L’assurdità della società burocratica è un genere letterario con precedenti molto autorevoli, ma con “Il concorso” Sara Mesa riesce a rinnovarlo, mettendo in scena la sfida di una persona contro un meccanismo di omologazione.

E con la sua scrittura diretta ed efficace l’autrice ci dà tre ottimi motivi per leggere il suo romanzo.

1. Fantozzi nel XXI Secolo 

I personaggi de “Il concorso” potrebbero benissimo essere i protagonisti di un nuovo Fantozzi: l’enigmatico Monago, il protervo Direttore Echeverria, la controversa e affascinante informatica Sabina, la capetta Teresa, l’entusiasta Beni, i funzionari assenti, il comitato dei sette saggi imparziali. É grazie a loro che nel libro si ride, anche di gusto, se pur spesso amaramente.

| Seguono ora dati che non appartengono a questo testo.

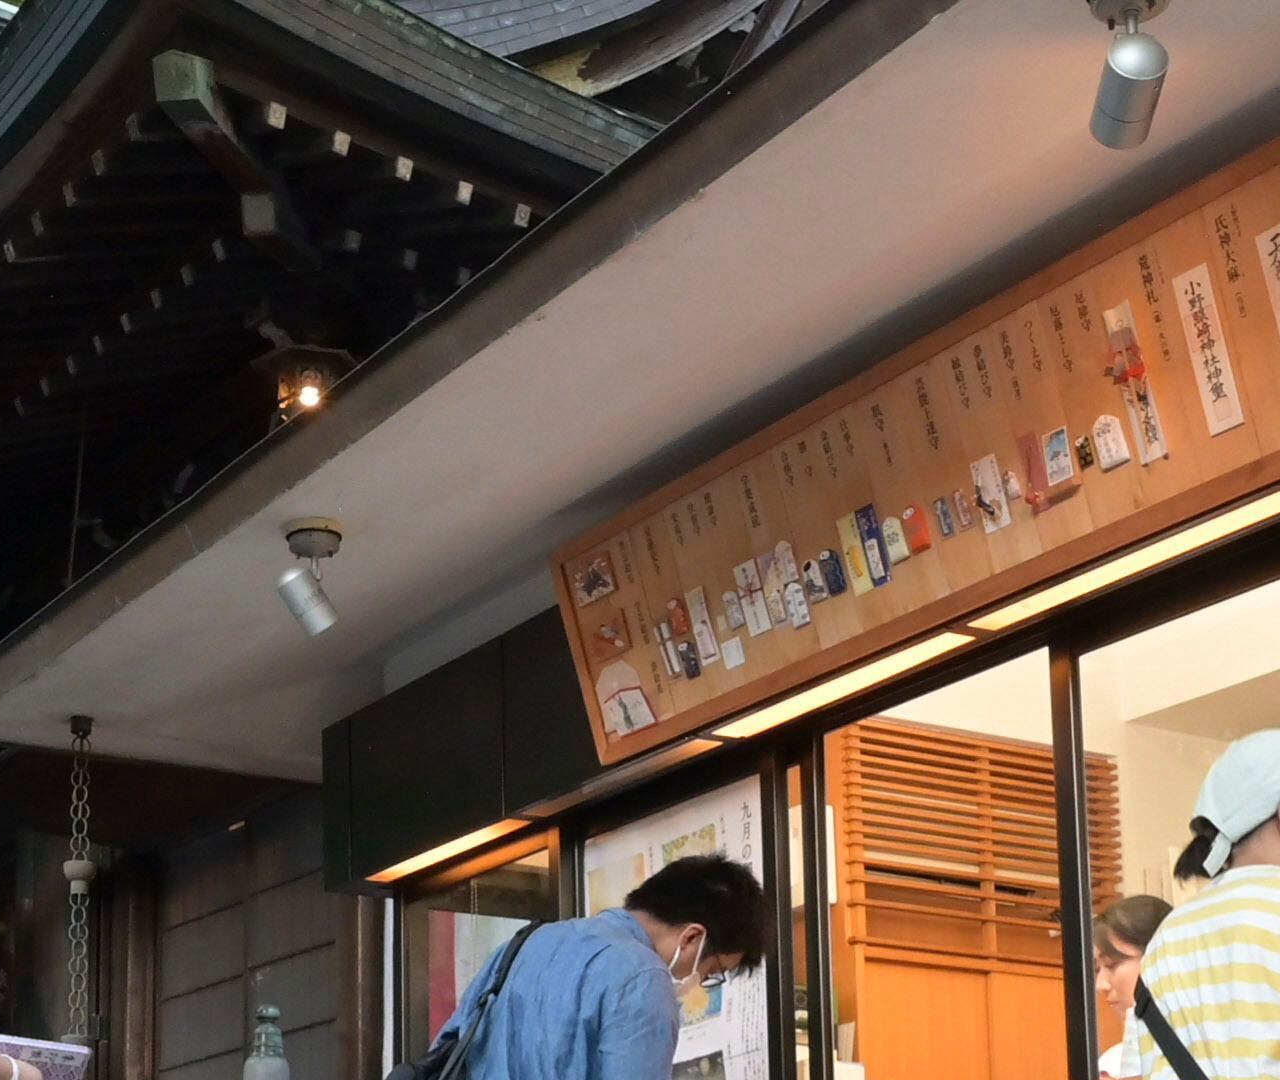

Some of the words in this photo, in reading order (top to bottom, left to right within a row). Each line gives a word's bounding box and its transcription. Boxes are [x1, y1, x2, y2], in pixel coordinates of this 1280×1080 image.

[1214, 213, 1244, 284] 氏神大麻
[741, 801, 753, 868] 九月の
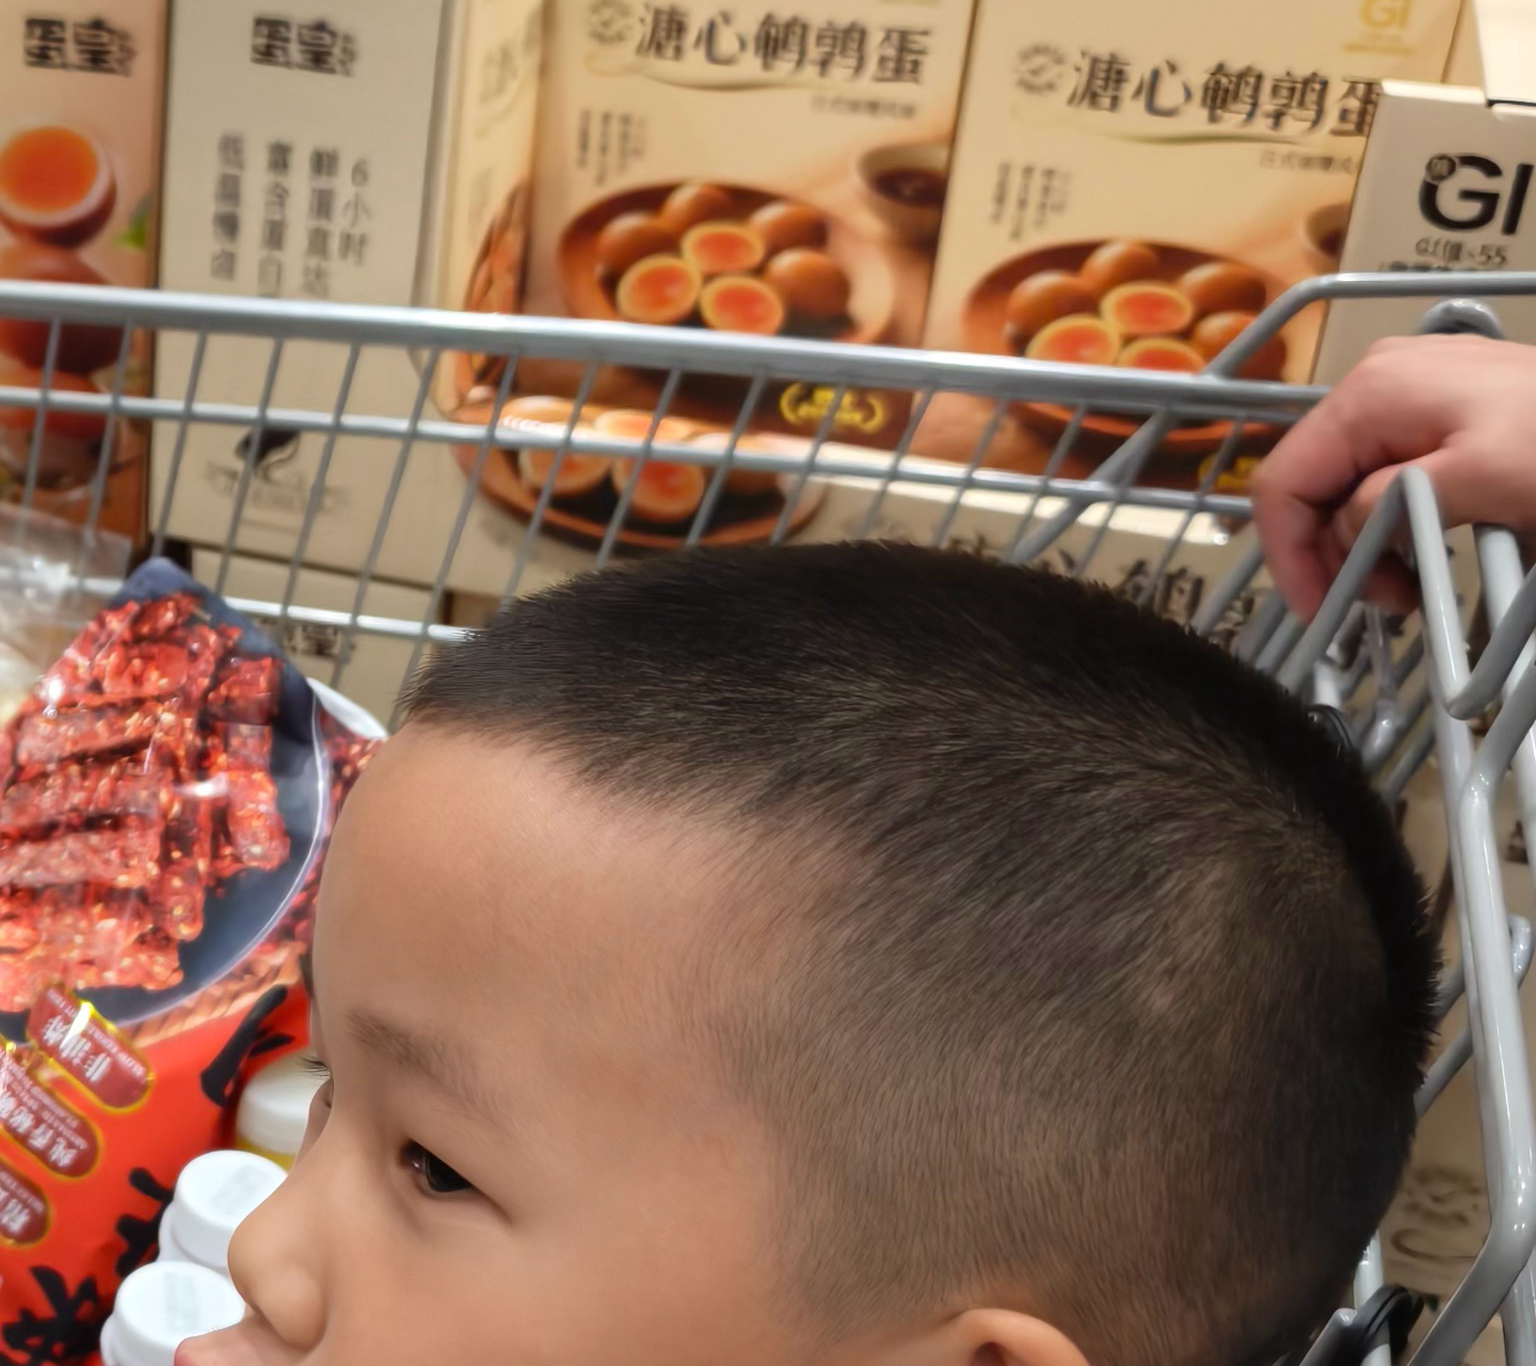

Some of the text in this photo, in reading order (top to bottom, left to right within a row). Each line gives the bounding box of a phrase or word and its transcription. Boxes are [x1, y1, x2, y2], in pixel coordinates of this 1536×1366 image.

[636, 2, 932, 86] 溏心鹌鹑蛋
[1066, 49, 1384, 139] 溏心鹌鹑蛋
[1418, 153, 1535, 236] GI
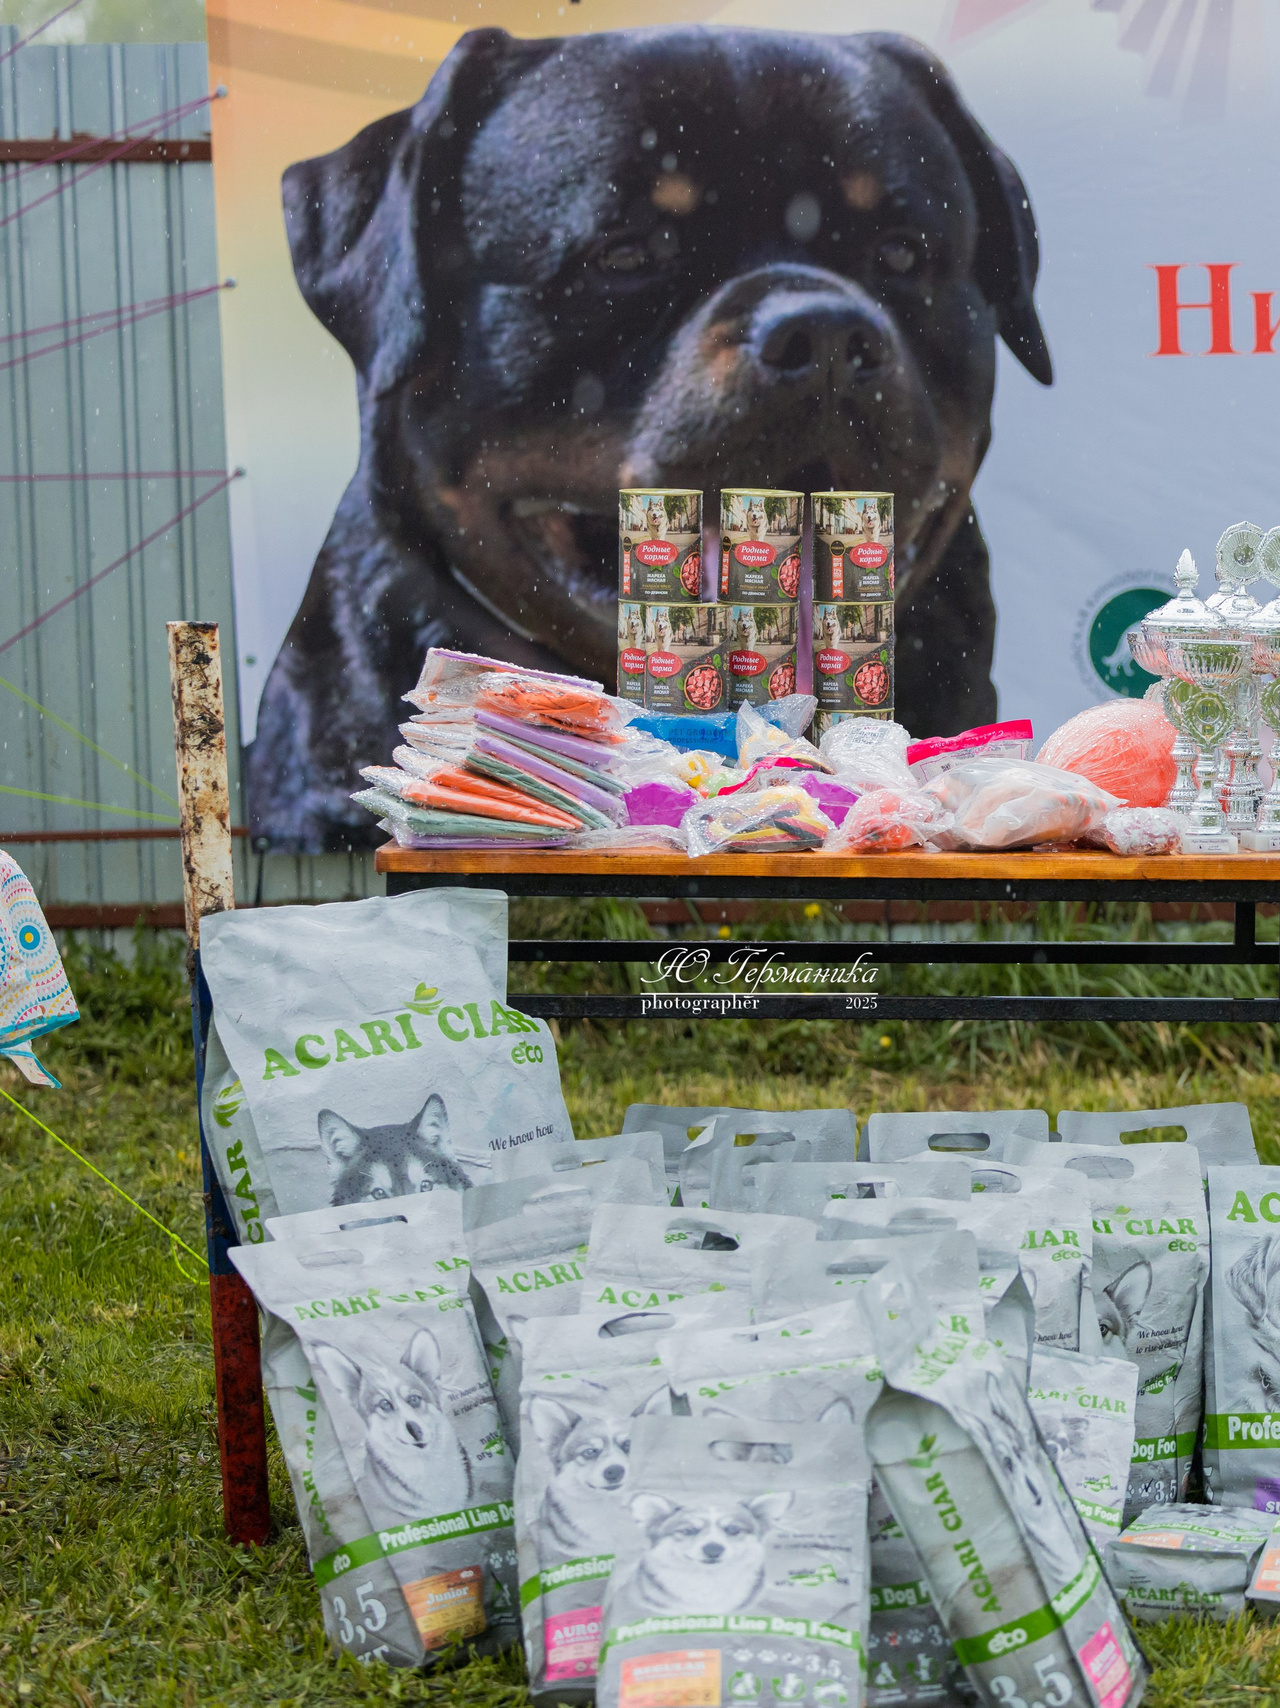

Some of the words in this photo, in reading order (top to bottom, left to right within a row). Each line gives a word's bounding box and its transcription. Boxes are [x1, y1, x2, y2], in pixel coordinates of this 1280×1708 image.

Ma Sara, a differenza del ragioniere di Paolo Villaggio, prima di arrendersi al meccanismo dell’ufficio lo sfida e a differenza di Ugo Fantozzi ha qualche possibilità di vittoria, ed è per questo che il lettore soffre con lei e tifa per lei, sino alla fine.

2. Il teatro dell’assurdo del lavoro contemporaneo

Viviamo da tempo nella società magistralmente descritta da Franz Kafka ne “Il Castello” e ne “Il Processo”, dove il potere illogico della burocrazia schiaccia l’individuo. Una società grottesca, rappresentata dal palazzo-labirinto de “Le dodici fatiche di Asterix“, non a caso citato da Sara Mesa.

Ma “Il concorso” fa due cose particolari. La prima è la vista interamente dal di dentro della pubblica amministrazione: non vediamo mai Sara (che è la voce narrante) fuori dall’ufficio e l’unica apparizione dei cittadini è un assedio-rivolta contro il dipartimento in cui lei lavora a causa dell’imposizione di un sistema di prenotazioni on line molto disfunzionale. La seconda è la descrizione di un processo di alienazione che spegne il il lavoratore attraverso l’inutilità: l’unico motivo per essere al lavoro è… avere un lavoro. Solo ne “La fabbrica” di Hiroko Oyamada questo volto della contemporaneità è esposto con la stessa forza de “Il concorso”.

3. La lavoratrice in rivolta 

Se Albert Camus scrisse in “L’uomo in rivolta” come si può combattere l’assurdo dell’esistenza, Sara Mesa mette in scena la rivolta spericolata e irriverente di una lavoratrice che il sistema vorrebbe sottomettere. Sara, rivoltandosi, sa di assumersi dei rischi e inoltre deve combattere anche con sé stessa, perché integrarsi nell’ufficio e conquistarsi il posto fisso significherebbe mettersi al sicuro. Ma a che prezzo?

Inoltre il romanzo ci mostra come anche il pubblico impiego abbia introiettato meccanismi di sorveglianza di chi lavora e di competizione per lo status sperimentati nelle aziende private: due mondi sempre meno lontani. Così “Il concorso” si fa narrativa working class spingendoci a scegliere insieme alla protagonista, in un finale sorprendente, se sia meglio la sicurezza o la dignità.